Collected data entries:
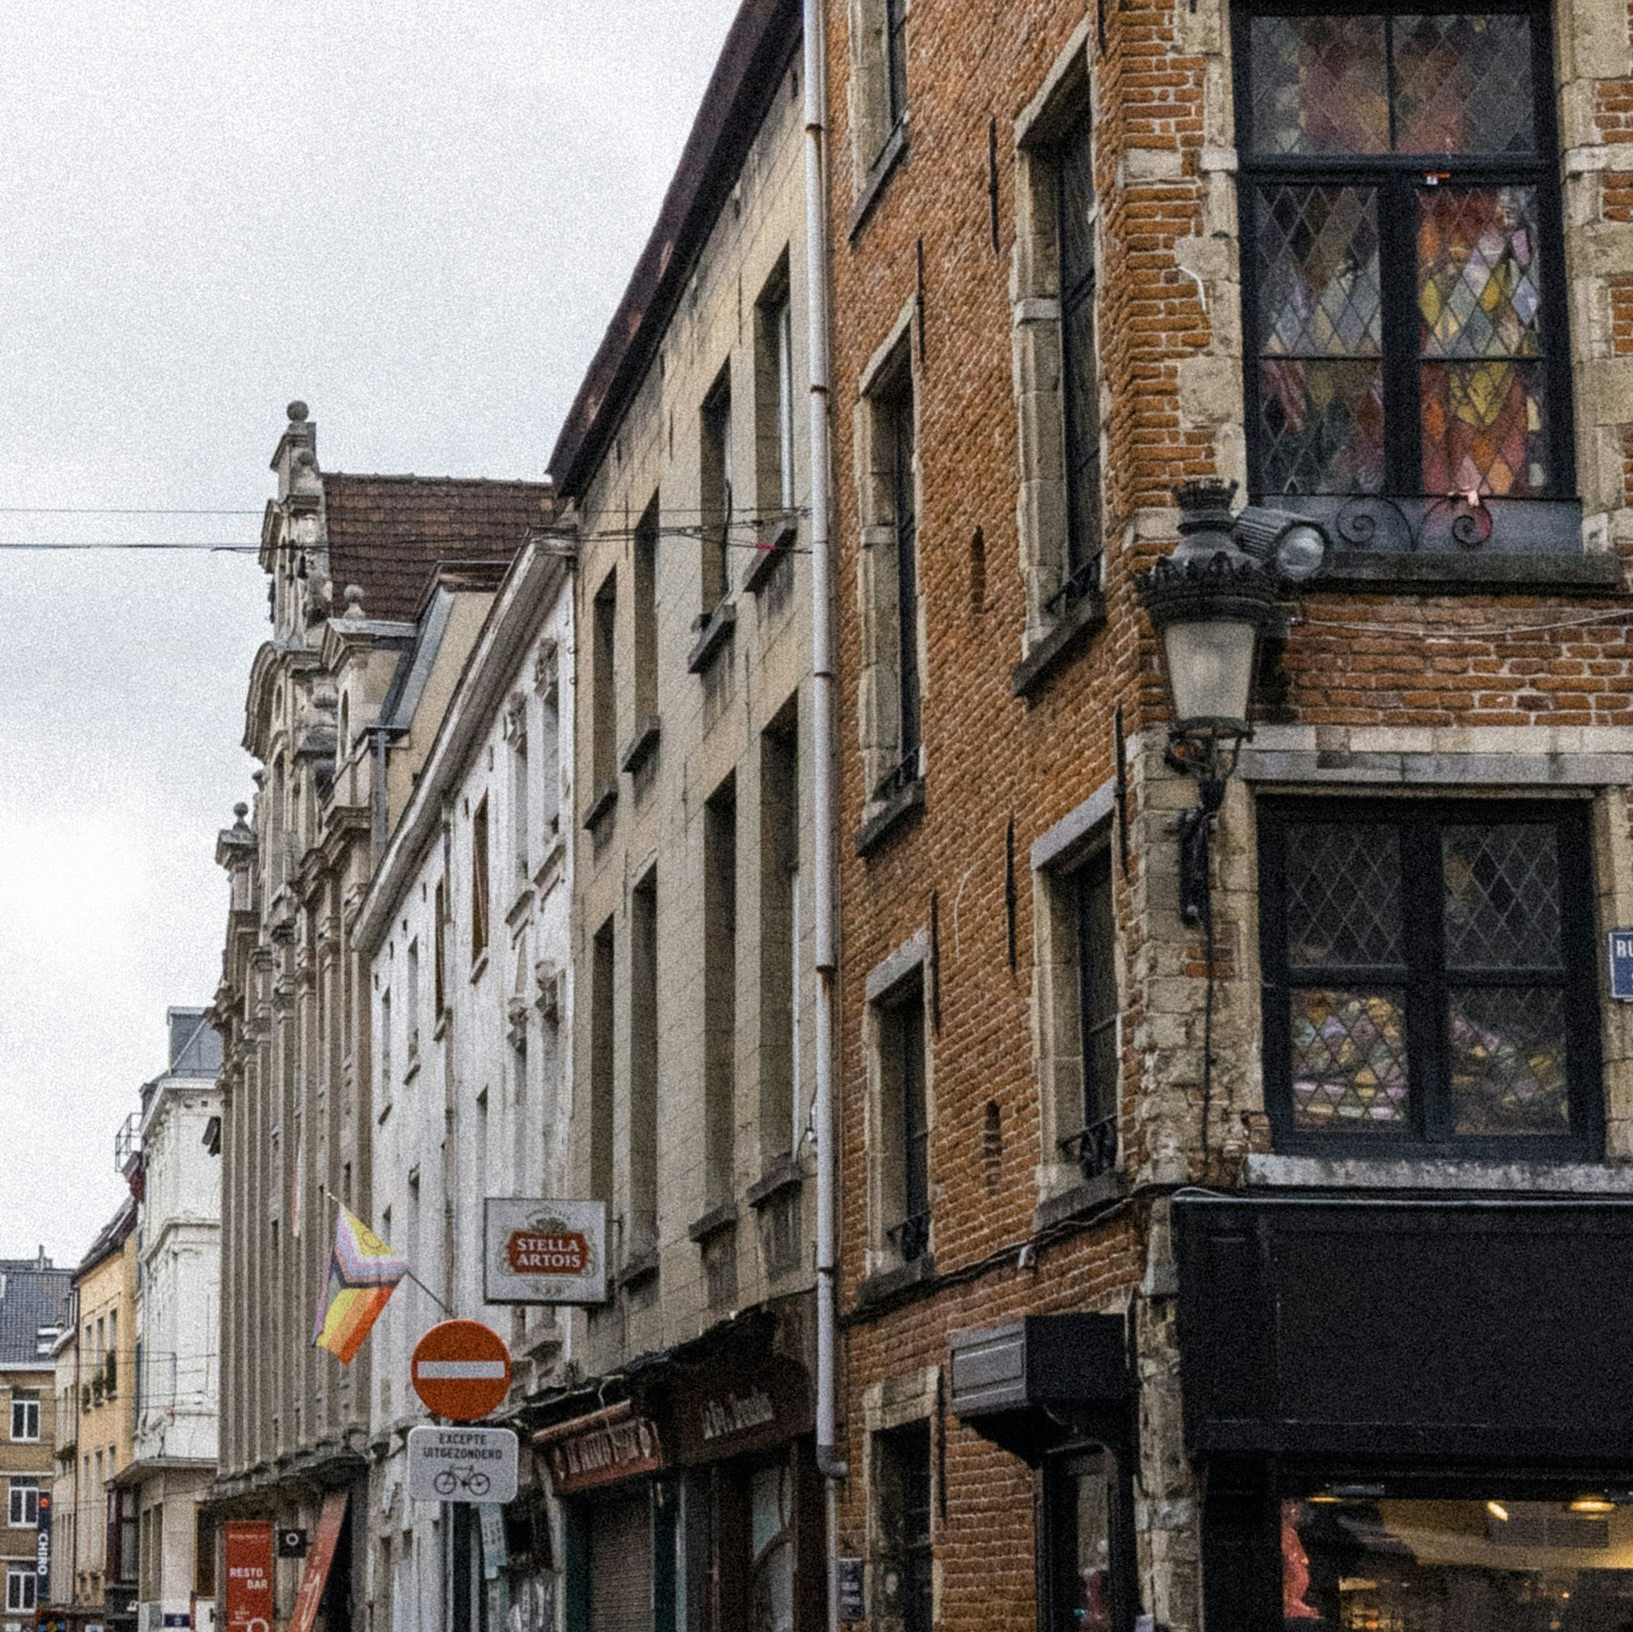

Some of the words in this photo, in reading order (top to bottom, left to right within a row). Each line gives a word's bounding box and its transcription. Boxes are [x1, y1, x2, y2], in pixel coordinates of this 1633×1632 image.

[516, 1238, 581, 1252] STELLA
[517, 1253, 582, 1268] ARTOIS
[423, 1447, 503, 1460] UITGEZONDERD
[229, 1567, 264, 1578] RESTO
[246, 1579, 268, 1590] BAR
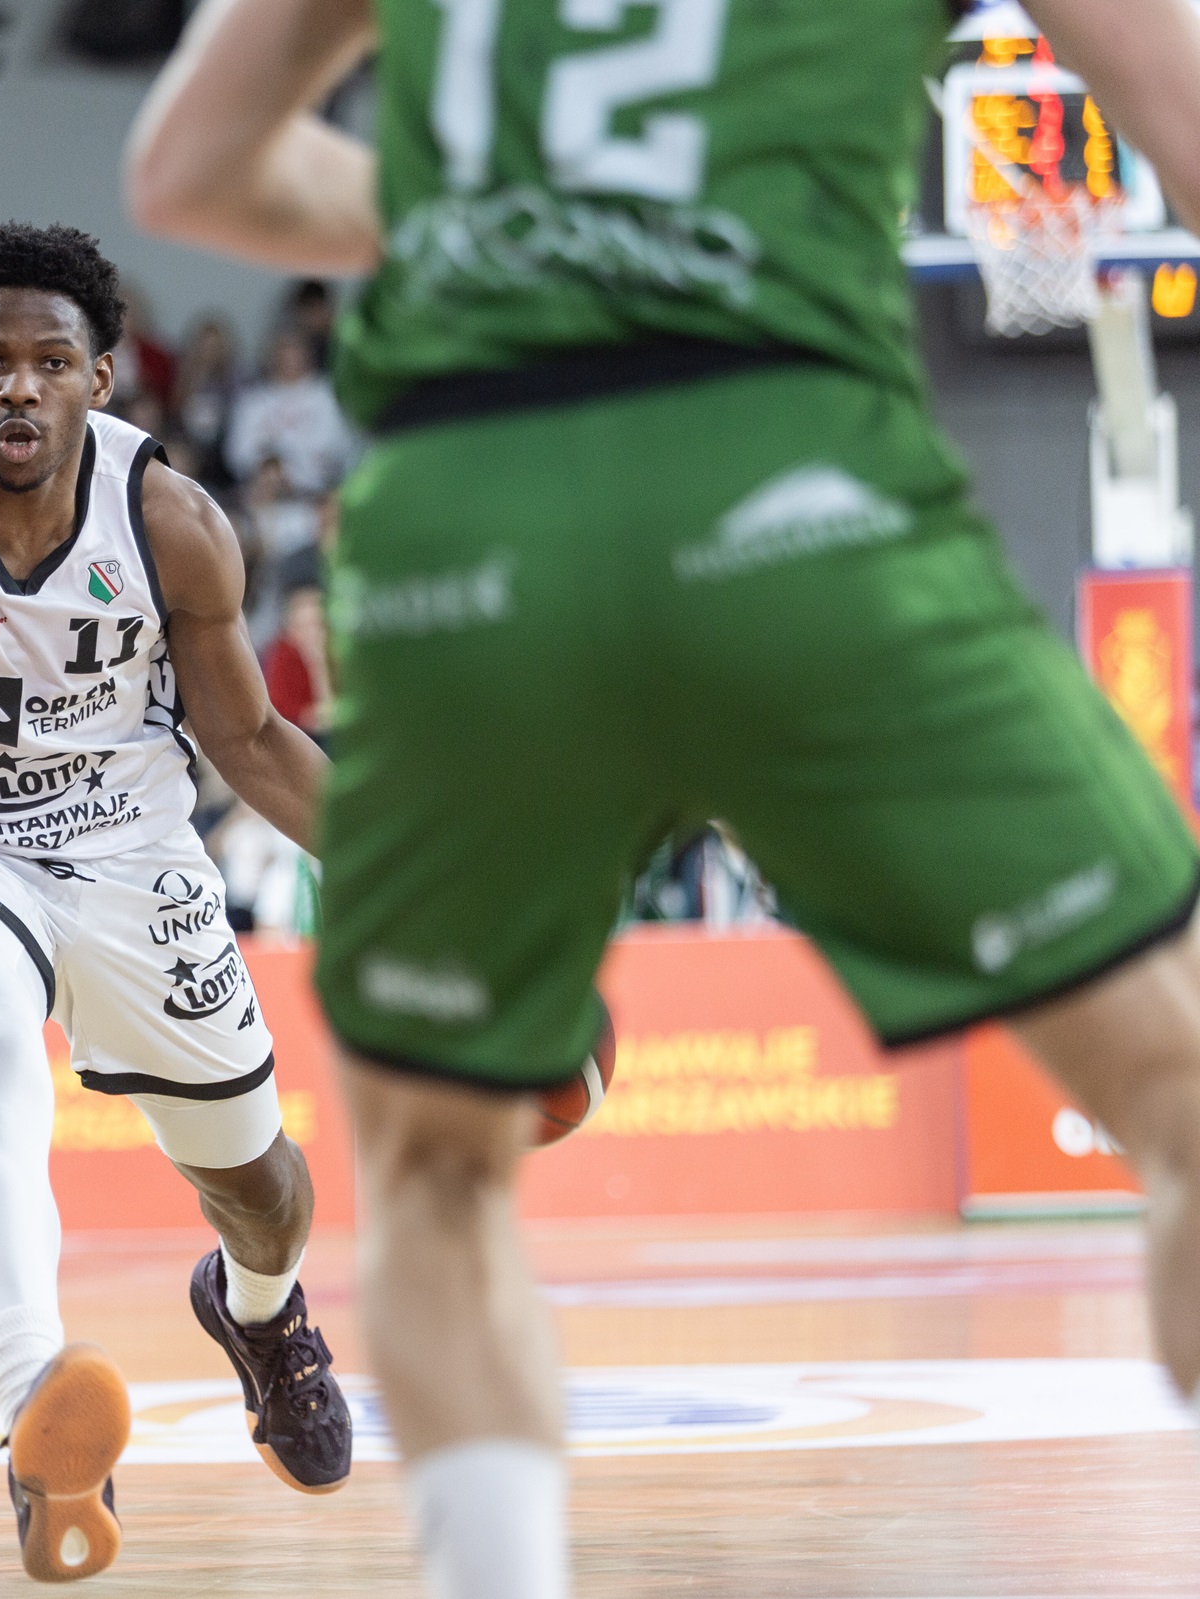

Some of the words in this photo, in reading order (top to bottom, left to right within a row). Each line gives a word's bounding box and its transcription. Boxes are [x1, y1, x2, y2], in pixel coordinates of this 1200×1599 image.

[64, 615, 144, 674] 11
[25, 677, 116, 715] ORLEN
[28, 694, 117, 737] TERMIKA
[184, 957, 237, 1010] LOTTO
[238, 997, 256, 1031] 4F
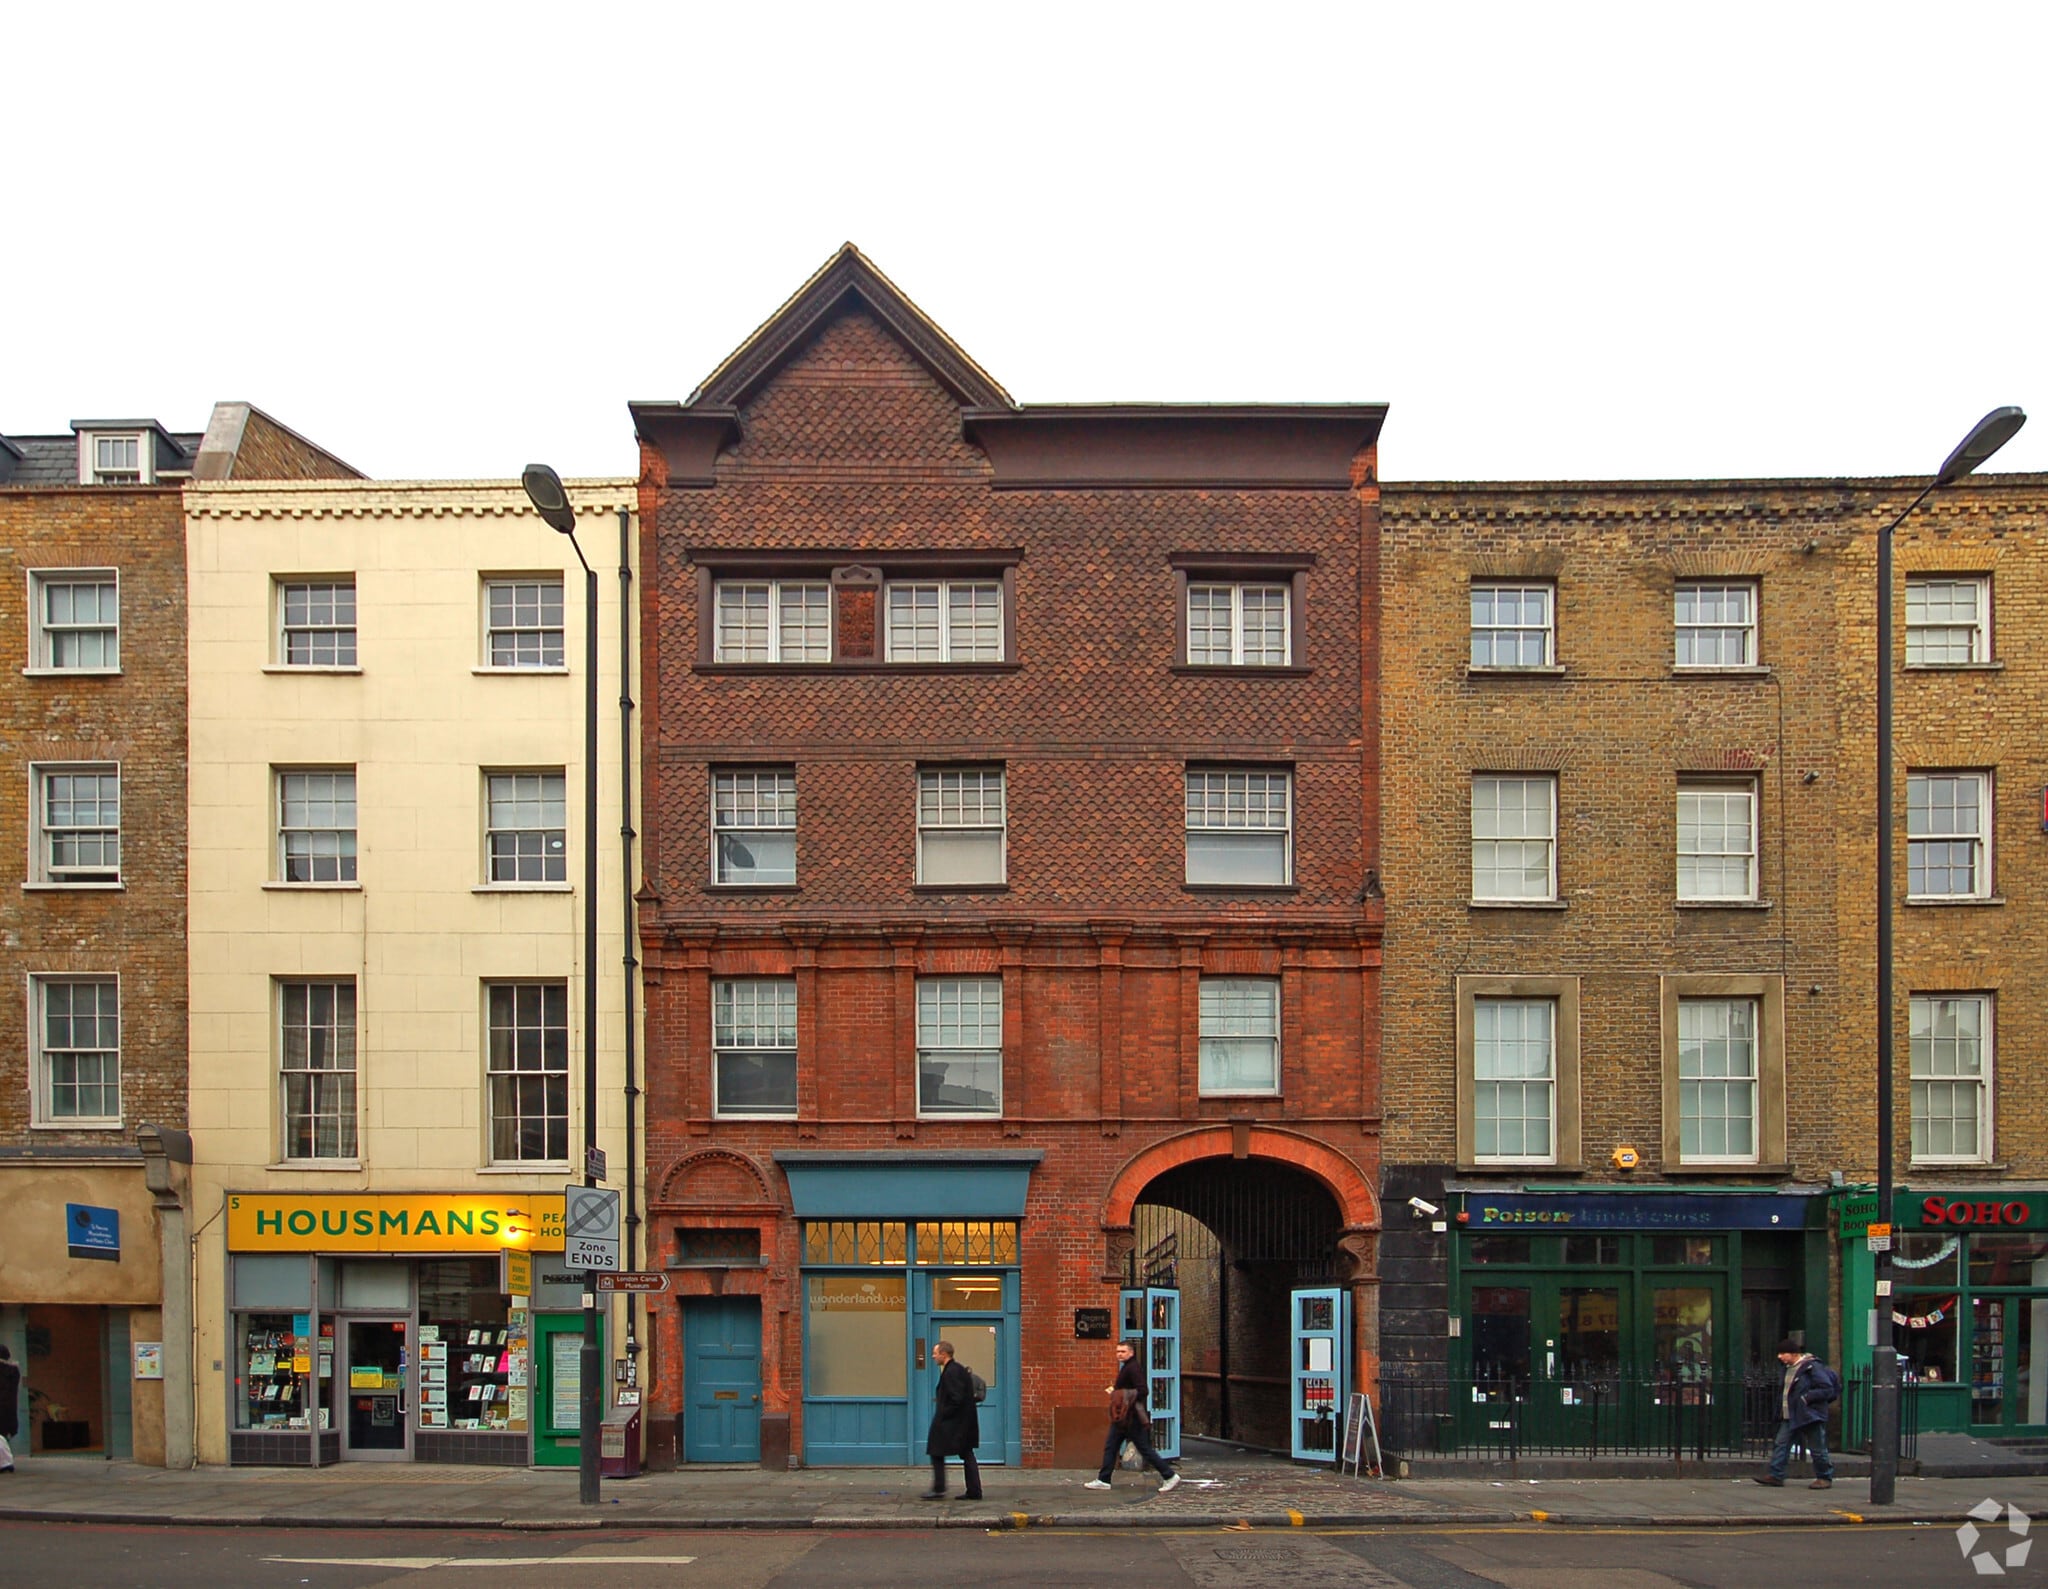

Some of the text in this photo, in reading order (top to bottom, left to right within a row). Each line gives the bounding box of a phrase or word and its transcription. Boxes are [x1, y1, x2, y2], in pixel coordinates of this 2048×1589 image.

**AIM OF THE EXERCISE:** Copy exactly the lines that begin at the one containing "this 1200×1599 image." and end at the last line of the records, both included, omitting the pictures.

**RESPONSE AREA:**
Some of the words in this photo, in reading order (top to bottom, left to right within a row). Each line gives a word's bounding box and its transcription. Boxes are [x1, y1, x2, y2], in pixel coordinates of this 1200×1599 image.

[64, 615, 144, 674] 11
[25, 677, 116, 715] ORLEN
[28, 694, 117, 737] TERMIKA
[184, 957, 237, 1010] LOTTO
[238, 997, 256, 1031] 4F

Some of the text in this photo, in reading order (top to bottom, left to right within a row). Each line gives the bounding box of a phrase or word and its transcription. Boxes are [x1, y1, x2, y2], in pixel coordinates of this 2048×1589 image.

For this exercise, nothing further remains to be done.